◆ **Exercise goal**
Output the data once more, exactly as given.
........
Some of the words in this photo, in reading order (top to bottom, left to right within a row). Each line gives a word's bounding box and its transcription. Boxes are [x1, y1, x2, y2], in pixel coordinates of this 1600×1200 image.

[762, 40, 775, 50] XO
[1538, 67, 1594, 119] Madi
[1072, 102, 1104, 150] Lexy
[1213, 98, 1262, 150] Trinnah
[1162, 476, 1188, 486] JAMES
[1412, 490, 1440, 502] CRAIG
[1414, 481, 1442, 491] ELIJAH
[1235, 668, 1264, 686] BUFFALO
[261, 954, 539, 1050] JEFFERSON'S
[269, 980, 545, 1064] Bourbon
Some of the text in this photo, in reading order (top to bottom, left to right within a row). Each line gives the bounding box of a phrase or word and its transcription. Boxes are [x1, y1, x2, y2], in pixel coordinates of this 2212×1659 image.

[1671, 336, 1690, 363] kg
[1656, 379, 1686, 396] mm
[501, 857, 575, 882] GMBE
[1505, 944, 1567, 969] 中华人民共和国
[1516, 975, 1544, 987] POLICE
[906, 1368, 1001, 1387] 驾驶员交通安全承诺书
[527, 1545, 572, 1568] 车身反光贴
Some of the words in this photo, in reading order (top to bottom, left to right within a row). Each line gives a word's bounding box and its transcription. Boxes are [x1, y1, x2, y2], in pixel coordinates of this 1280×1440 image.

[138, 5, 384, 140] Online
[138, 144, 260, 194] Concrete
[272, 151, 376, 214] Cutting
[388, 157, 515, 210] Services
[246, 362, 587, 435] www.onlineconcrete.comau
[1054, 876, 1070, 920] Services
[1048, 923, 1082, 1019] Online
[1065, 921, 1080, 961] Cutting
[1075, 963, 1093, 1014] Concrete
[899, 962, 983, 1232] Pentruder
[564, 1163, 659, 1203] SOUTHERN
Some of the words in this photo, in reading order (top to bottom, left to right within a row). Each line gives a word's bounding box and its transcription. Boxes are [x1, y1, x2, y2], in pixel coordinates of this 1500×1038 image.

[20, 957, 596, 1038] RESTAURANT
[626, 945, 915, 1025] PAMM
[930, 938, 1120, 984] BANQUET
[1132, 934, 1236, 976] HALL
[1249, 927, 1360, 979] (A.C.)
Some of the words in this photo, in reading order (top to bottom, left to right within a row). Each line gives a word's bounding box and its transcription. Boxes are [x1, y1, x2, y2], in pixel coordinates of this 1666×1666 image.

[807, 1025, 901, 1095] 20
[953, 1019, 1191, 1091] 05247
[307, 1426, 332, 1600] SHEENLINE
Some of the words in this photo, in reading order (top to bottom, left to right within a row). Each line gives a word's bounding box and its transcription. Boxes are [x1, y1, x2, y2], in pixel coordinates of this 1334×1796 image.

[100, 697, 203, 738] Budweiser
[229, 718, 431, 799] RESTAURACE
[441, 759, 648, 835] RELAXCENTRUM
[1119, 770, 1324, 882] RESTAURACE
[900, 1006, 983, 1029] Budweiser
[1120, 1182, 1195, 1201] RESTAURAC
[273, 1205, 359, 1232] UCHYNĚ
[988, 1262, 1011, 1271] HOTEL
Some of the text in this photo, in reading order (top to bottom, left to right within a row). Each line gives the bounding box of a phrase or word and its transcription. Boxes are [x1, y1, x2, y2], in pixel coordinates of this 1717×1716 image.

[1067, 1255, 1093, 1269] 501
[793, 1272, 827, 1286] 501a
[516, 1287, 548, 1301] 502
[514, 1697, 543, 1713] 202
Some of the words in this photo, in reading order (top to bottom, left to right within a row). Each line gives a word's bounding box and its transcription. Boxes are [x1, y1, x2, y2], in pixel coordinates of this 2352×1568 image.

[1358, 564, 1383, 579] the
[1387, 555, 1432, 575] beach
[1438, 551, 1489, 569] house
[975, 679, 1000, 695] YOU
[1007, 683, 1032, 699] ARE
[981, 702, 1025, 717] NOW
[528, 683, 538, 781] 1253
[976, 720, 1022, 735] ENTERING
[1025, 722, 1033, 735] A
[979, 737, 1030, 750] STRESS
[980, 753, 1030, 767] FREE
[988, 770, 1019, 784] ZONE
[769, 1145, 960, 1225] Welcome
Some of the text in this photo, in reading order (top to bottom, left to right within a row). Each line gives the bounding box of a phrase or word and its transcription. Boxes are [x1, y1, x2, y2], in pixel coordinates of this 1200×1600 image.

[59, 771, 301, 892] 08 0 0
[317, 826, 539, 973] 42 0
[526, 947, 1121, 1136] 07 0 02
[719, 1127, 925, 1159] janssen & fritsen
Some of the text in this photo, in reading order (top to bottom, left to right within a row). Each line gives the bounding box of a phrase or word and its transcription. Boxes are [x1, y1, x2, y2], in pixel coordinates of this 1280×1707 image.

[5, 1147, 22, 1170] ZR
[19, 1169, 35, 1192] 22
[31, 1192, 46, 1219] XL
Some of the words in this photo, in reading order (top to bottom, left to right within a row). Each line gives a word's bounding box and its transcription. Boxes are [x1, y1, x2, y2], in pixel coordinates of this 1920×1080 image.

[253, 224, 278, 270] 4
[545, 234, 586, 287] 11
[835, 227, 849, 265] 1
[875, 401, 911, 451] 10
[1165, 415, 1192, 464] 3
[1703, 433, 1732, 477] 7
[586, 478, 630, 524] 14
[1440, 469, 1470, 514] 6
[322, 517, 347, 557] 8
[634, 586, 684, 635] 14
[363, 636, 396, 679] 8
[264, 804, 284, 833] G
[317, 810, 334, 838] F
........
◆ **Worked solution**
Some of the words in this photo, in reading order (top to bottom, left to right within a row). Each line gives a word's bounding box and its transcription. Boxes are [x1, y1, x2, y2], in pixel coordinates of this 1600×1200 image.

[762, 40, 775, 50] XO
[1538, 67, 1594, 119] Madi
[1072, 102, 1104, 150] Lexy
[1213, 98, 1262, 150] Trinnah
[1162, 476, 1188, 486] JAMES
[1412, 490, 1440, 502] CRAIG
[1414, 481, 1442, 491] ELIJAH
[1235, 668, 1264, 686] BUFFALO
[261, 954, 539, 1050] JEFFERSON'S
[269, 980, 545, 1064] Bourbon
Some of the text in this photo, in reading order (top to bottom, left to right within a row). Each line gives the bounding box of a phrase or word and its transcription. Boxes are [x1, y1, x2, y2], in pixel coordinates of this 2212×1659 image.

[1671, 336, 1690, 363] kg
[1656, 379, 1686, 396] mm
[501, 857, 575, 882] GMBE
[1505, 944, 1567, 969] 中华人民共和国
[1516, 975, 1544, 987] POLICE
[906, 1368, 1001, 1387] 驾驶员交通安全承诺书
[527, 1545, 572, 1568] 车身反光贴
Some of the words in this photo, in reading order (top to bottom, left to right within a row). Each line gives a word's bounding box and its transcription. Boxes are [x1, y1, x2, y2], in pixel coordinates of this 1280×1440 image.

[138, 5, 384, 140] Online
[138, 144, 260, 194] Concrete
[272, 151, 376, 214] Cutting
[388, 157, 515, 210] Services
[246, 362, 587, 435] www.onlineconcrete.comau
[1054, 876, 1070, 920] Services
[1048, 923, 1082, 1019] Online
[1065, 921, 1080, 961] Cutting
[1075, 963, 1093, 1014] Concrete
[899, 962, 983, 1232] Pentruder
[564, 1163, 659, 1203] SOUTHERN
Some of the words in this photo, in reading order (top to bottom, left to right within a row). Each line gives a word's bounding box and its transcription. Boxes are [x1, y1, x2, y2], in pixel coordinates of this 1500×1038 image.

[20, 957, 596, 1038] RESTAURANT
[626, 945, 915, 1025] PAMM
[930, 938, 1120, 984] BANQUET
[1132, 934, 1236, 976] HALL
[1249, 927, 1360, 979] (A.C.)
Some of the words in this photo, in reading order (top to bottom, left to right within a row). Each line gives a word's bounding box and its transcription. Boxes are [x1, y1, x2, y2], in pixel coordinates of this 1666×1666 image.

[807, 1025, 901, 1095] 20
[953, 1019, 1191, 1091] 05247
[307, 1426, 332, 1600] SHEENLINE
Some of the words in this photo, in reading order (top to bottom, left to right within a row). Each line gives a word's bounding box and its transcription. Boxes are [x1, y1, x2, y2], in pixel coordinates of this 1334×1796 image.

[100, 697, 203, 738] Budweiser
[229, 718, 431, 799] RESTAURACE
[441, 759, 648, 835] RELAXCENTRUM
[1119, 770, 1324, 882] RESTAURACE
[900, 1006, 983, 1029] Budweiser
[1120, 1182, 1195, 1201] RESTAURAC
[273, 1205, 359, 1232] UCHYNĚ
[988, 1262, 1011, 1271] HOTEL
Some of the text in this photo, in reading order (top to bottom, left to right within a row). Each line gives the bounding box of a phrase or word and its transcription. Boxes are [x1, y1, x2, y2], in pixel coordinates of this 1717×1716 image.

[1067, 1255, 1093, 1269] 501
[793, 1272, 827, 1286] 501a
[516, 1287, 548, 1301] 502
[514, 1697, 543, 1713] 202
Some of the words in this photo, in reading order (top to bottom, left to right within a row). Each line gives a word's bounding box and its transcription. Boxes are [x1, y1, x2, y2], in pixel coordinates of this 2352×1568 image.

[1358, 564, 1383, 579] the
[1387, 555, 1432, 575] beach
[1438, 551, 1489, 569] house
[975, 679, 1000, 695] YOU
[1007, 683, 1032, 699] ARE
[981, 702, 1025, 717] NOW
[528, 683, 538, 781] 1253
[976, 720, 1022, 735] ENTERING
[1025, 722, 1033, 735] A
[979, 737, 1030, 750] STRESS
[980, 753, 1030, 767] FREE
[988, 770, 1019, 784] ZONE
[769, 1145, 960, 1225] Welcome
Some of the text in this photo, in reading order (top to bottom, left to right within a row). Each line gives the bounding box of a phrase or word and its transcription. Boxes are [x1, y1, x2, y2], in pixel coordinates of this 1200×1600 image.

[59, 771, 301, 892] 08 0 0
[317, 826, 539, 973] 42 0
[526, 947, 1121, 1136] 07 0 02
[719, 1127, 925, 1159] janssen & fritsen
Some of the text in this photo, in reading order (top to bottom, left to right within a row). Each line gives the bounding box of a phrase or word and its transcription. Boxes are [x1, y1, x2, y2], in pixel coordinates of this 1280×1707 image.

[5, 1147, 22, 1170] ZR
[19, 1169, 35, 1192] 22
[31, 1192, 46, 1219] XL
Some of the words in this photo, in reading order (top to bottom, left to right within a row). Each line gives a word's bounding box and its transcription. Boxes are [x1, y1, x2, y2], in pixel coordinates of this 1920×1080 image.

[253, 224, 278, 270] 4
[545, 234, 586, 287] 11
[835, 227, 849, 265] 1
[875, 401, 911, 451] 10
[1165, 415, 1192, 464] 3
[1703, 433, 1732, 477] 7
[586, 478, 630, 524] 14
[1440, 469, 1470, 514] 6
[322, 517, 347, 557] 8
[634, 586, 684, 635] 14
[363, 636, 396, 679] 8
[264, 804, 284, 833] G
[317, 810, 334, 838] F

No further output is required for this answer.